BRIEF
Give an unaltered copy of the listing below, minus its pictures.

LISTED ENTRIES
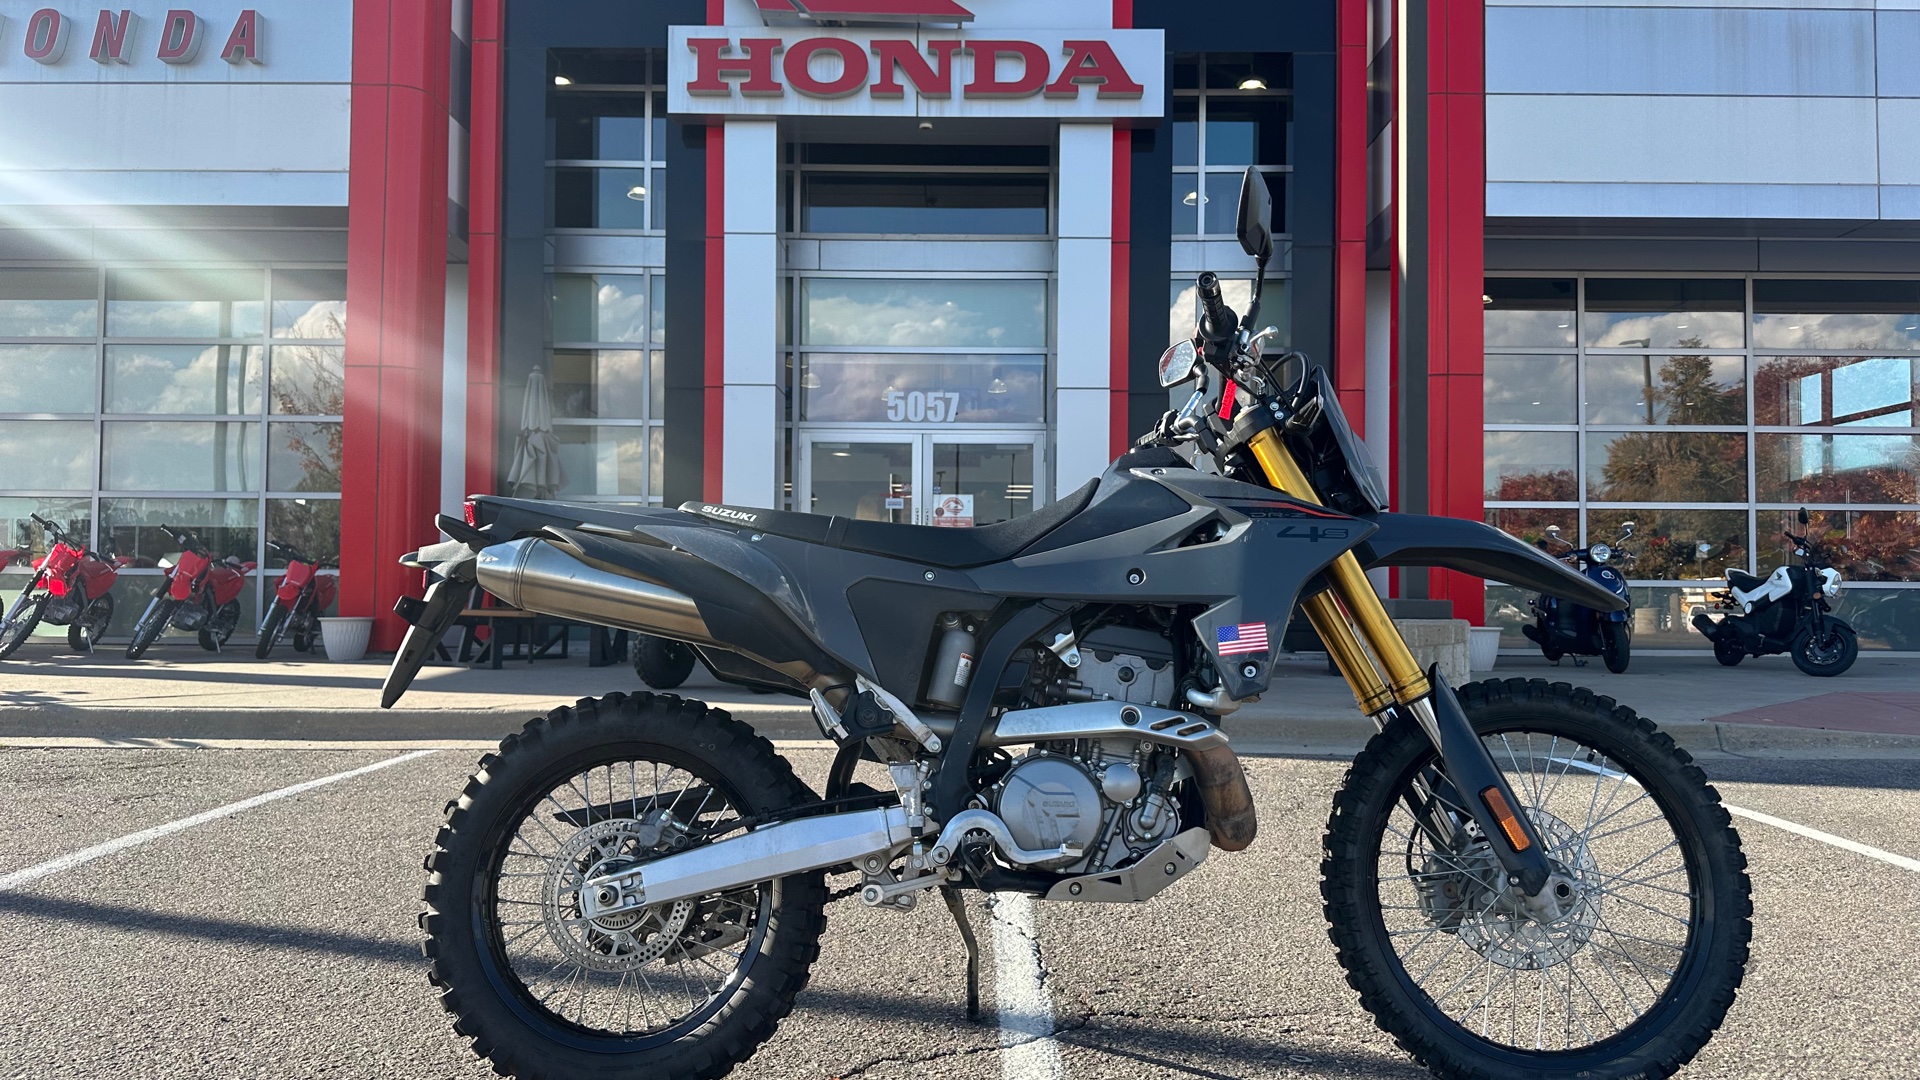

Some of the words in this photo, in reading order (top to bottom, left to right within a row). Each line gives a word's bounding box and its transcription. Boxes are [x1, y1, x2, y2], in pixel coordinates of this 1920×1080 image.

[0, 8, 264, 65] ONDA
[686, 37, 1144, 99] HONDA
[887, 391, 960, 422] 5057
[701, 505, 758, 522] SUZUKI
[1276, 526, 1349, 542] 4S
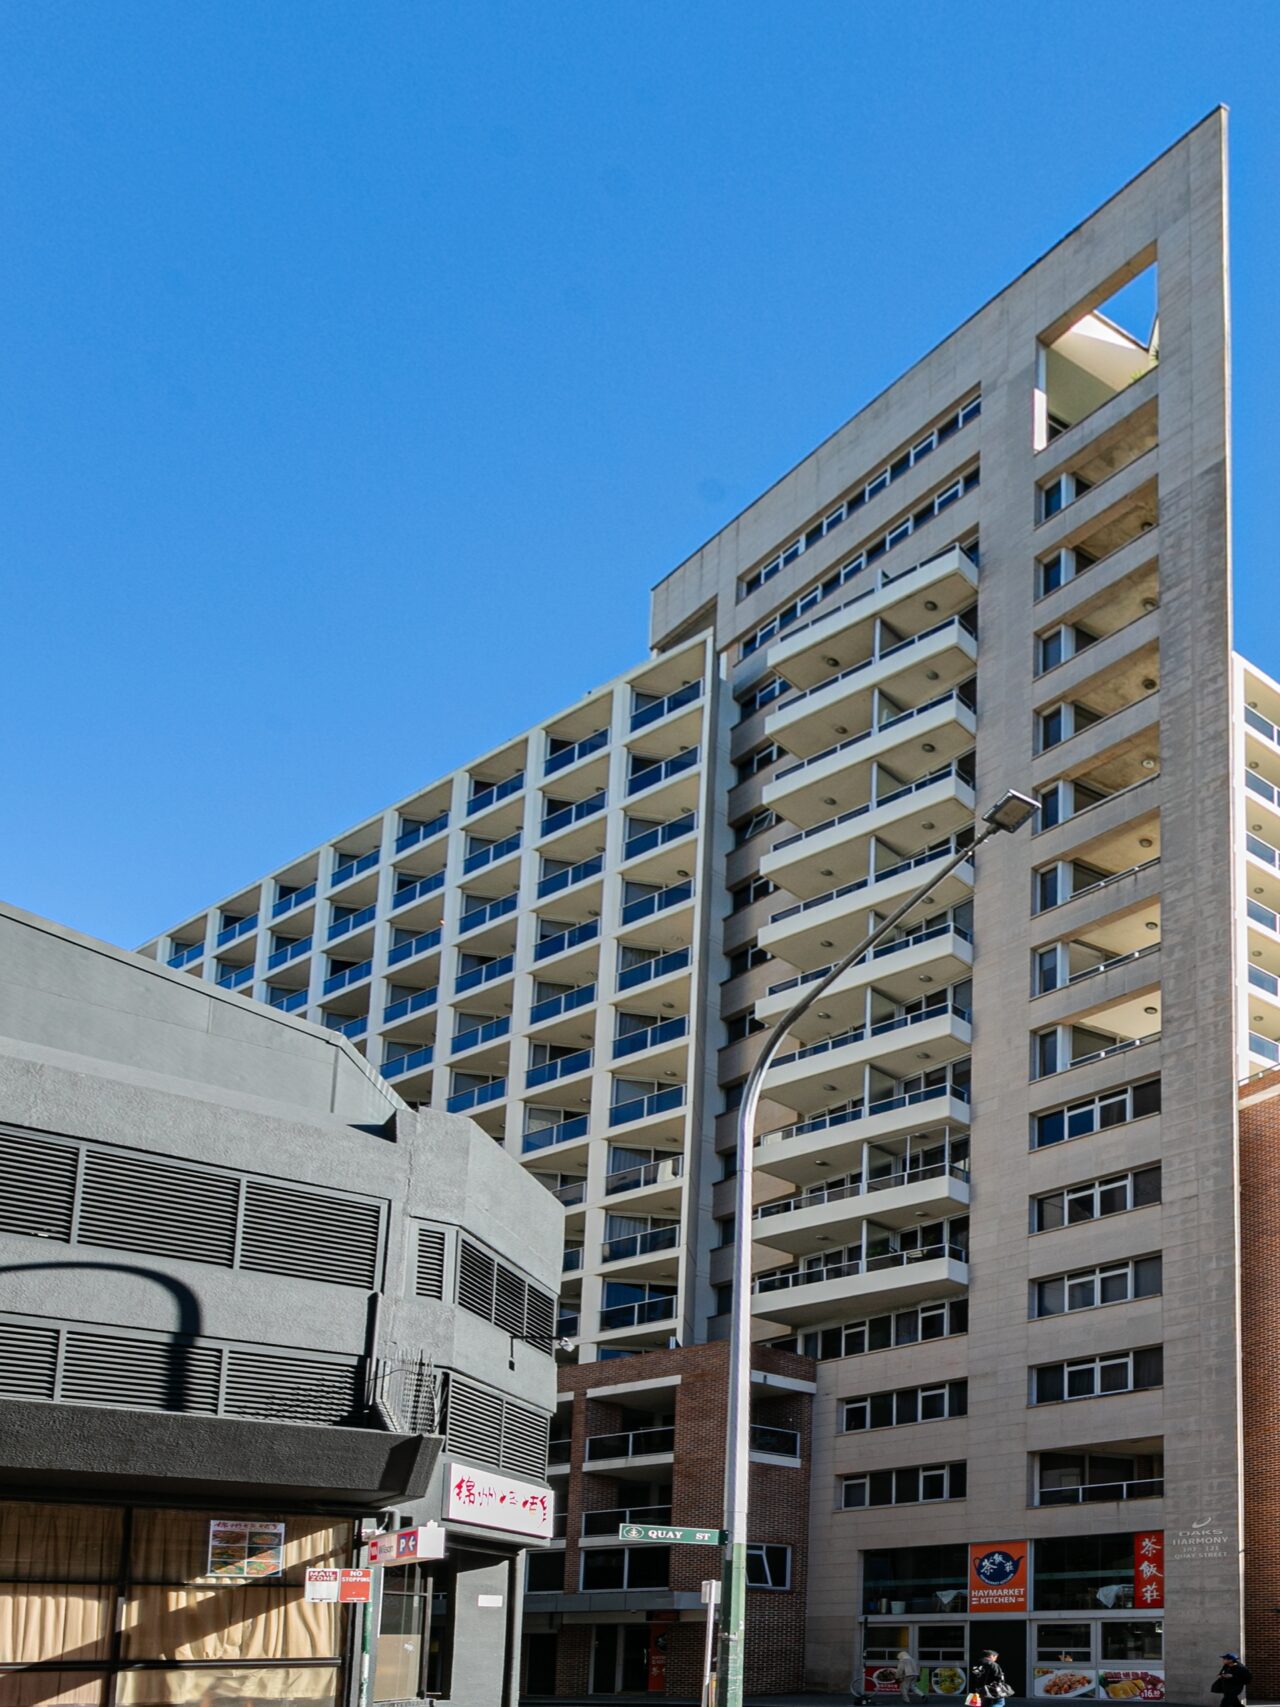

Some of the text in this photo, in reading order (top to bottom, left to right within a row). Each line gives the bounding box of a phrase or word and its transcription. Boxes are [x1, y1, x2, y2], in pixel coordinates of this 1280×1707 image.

[647, 1529, 711, 1541] QUAY ST
[1178, 1528, 1224, 1537] OAKS
[1172, 1536, 1229, 1546] HARMONY
[1198, 1551, 1228, 1559] STREET
[971, 1588, 1025, 1597] HAYMARKET
[980, 1596, 1016, 1604] KITCHEN

YOUR SOLUTION
Some of the words in this photo, in reading order (top to bottom, left to right within a row). Each line gives a word's bounding box and its transcription. Boxes are [x1, y1, x2, y2], in pixel coordinates of this 1920×1080 image.

[0, 8, 264, 65] ONDA
[686, 37, 1144, 99] HONDA
[887, 391, 960, 422] 5057
[701, 505, 758, 522] SUZUKI
[1276, 526, 1349, 542] 4S

Some of the text in this photo, in reading order (top to bottom, left to right within a row). Each line gives the bounding box of a phrase or word and its transcription. Boxes are [x1, y1, x2, y2], in pixel coordinates of this 1280×1707 image.

[647, 1529, 711, 1541] QUAY ST
[1178, 1528, 1224, 1537] OAKS
[1172, 1536, 1229, 1546] HARMONY
[1198, 1551, 1228, 1559] STREET
[971, 1588, 1025, 1597] HAYMARKET
[980, 1596, 1016, 1604] KITCHEN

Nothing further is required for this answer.